## THE RECORDS
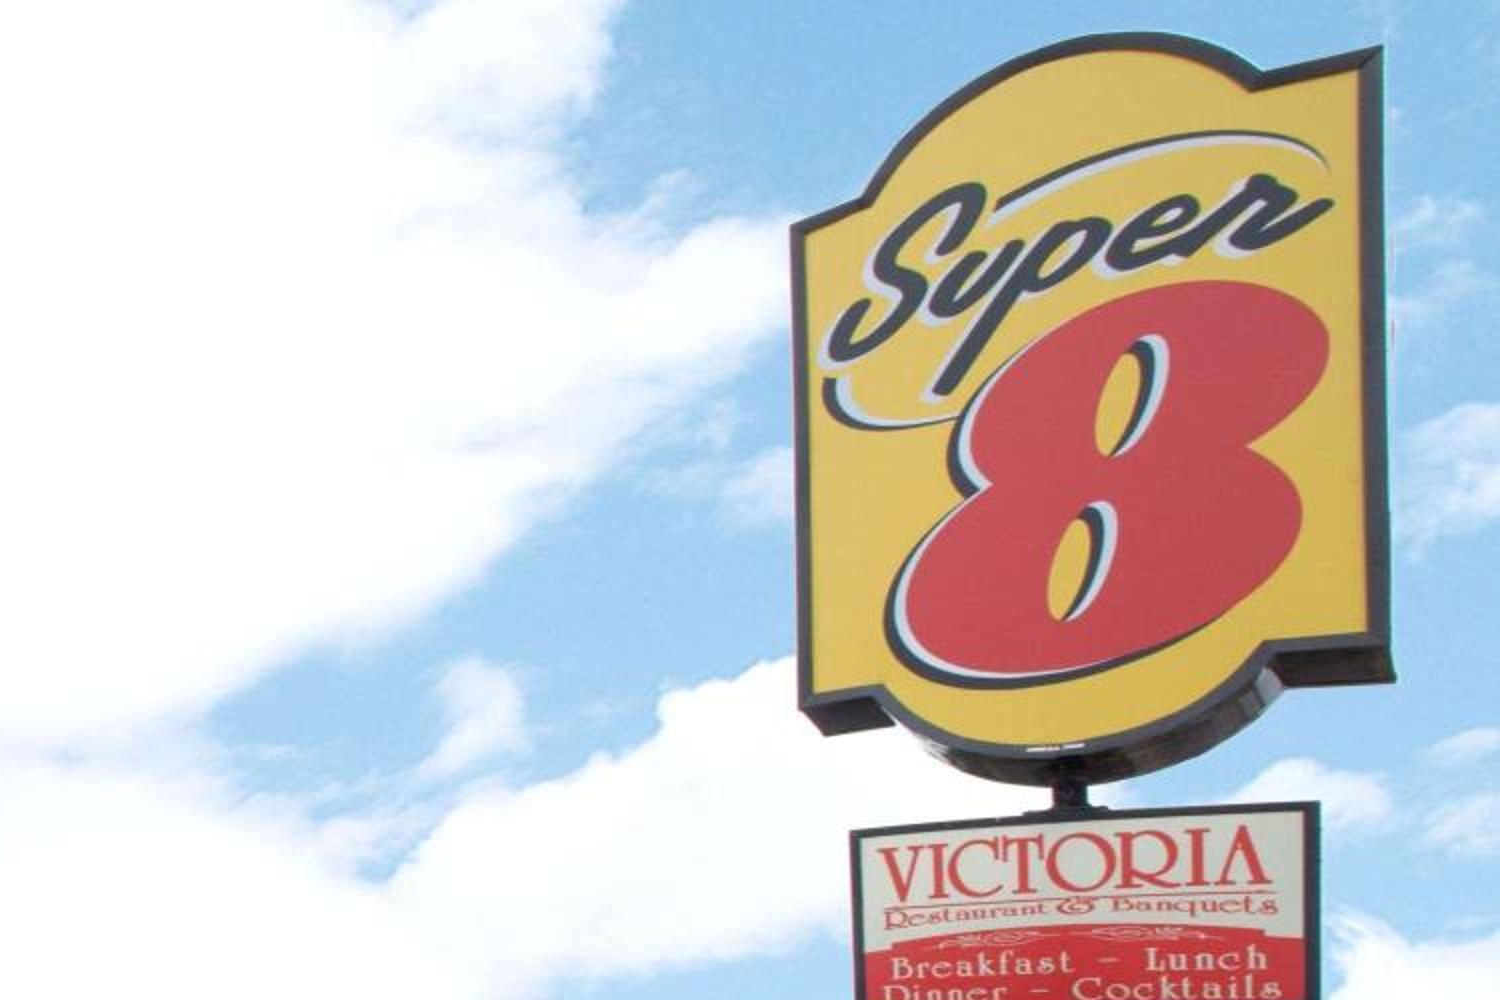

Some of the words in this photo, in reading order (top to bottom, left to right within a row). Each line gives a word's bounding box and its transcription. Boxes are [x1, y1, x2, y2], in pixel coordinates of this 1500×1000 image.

[825, 173, 1335, 398] Super
[883, 279, 1331, 691] 8
[877, 824, 1273, 903] VICTORIA
[884, 902, 1048, 931] Restaurant
[1111, 895, 1279, 918] Banquets
[891, 947, 1075, 981] Breakfast
[1145, 943, 1268, 972] Lunch
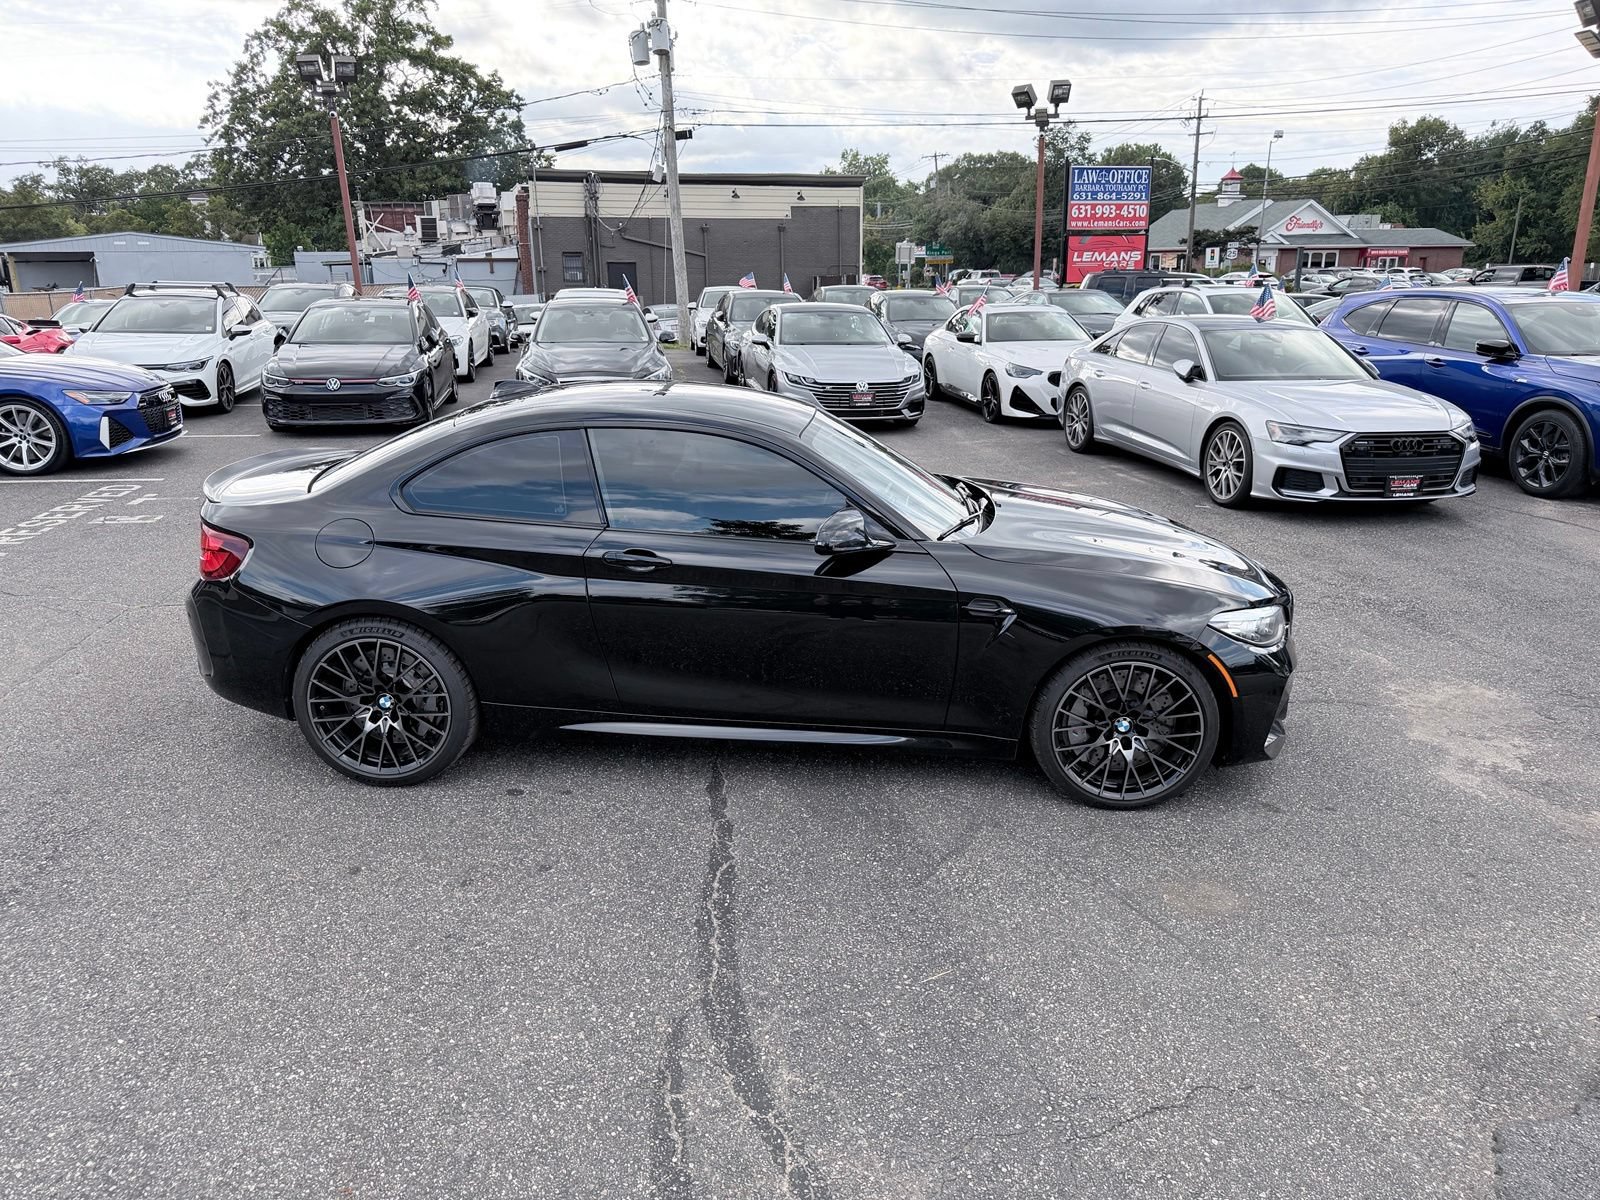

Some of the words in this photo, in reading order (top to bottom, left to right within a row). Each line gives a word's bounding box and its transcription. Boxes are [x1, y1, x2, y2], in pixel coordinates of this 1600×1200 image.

## THE TASK
Leaving the images out, print the records above exactly.

## TASK RESPONSE
Some of the words in this photo, in reading order (top to bottom, left to right within a row). Each line gives a word's bounding box and its transcription. Boxes are [x1, y1, x2, y2], in pixel coordinates of this 1500×1000 image.

[825, 173, 1335, 398] Super
[883, 279, 1331, 691] 8
[877, 824, 1273, 903] VICTORIA
[884, 902, 1048, 931] Restaurant
[1111, 895, 1279, 918] Banquets
[891, 947, 1075, 981] Breakfast
[1145, 943, 1268, 972] Lunch

Some of the words in this photo, in reading order (top to bottom, left to right within a row). Each line gives a word's bounding box and its transcription. Boxes are [x1, y1, x2, y2], in pixel coordinates of this 1600×1200 image.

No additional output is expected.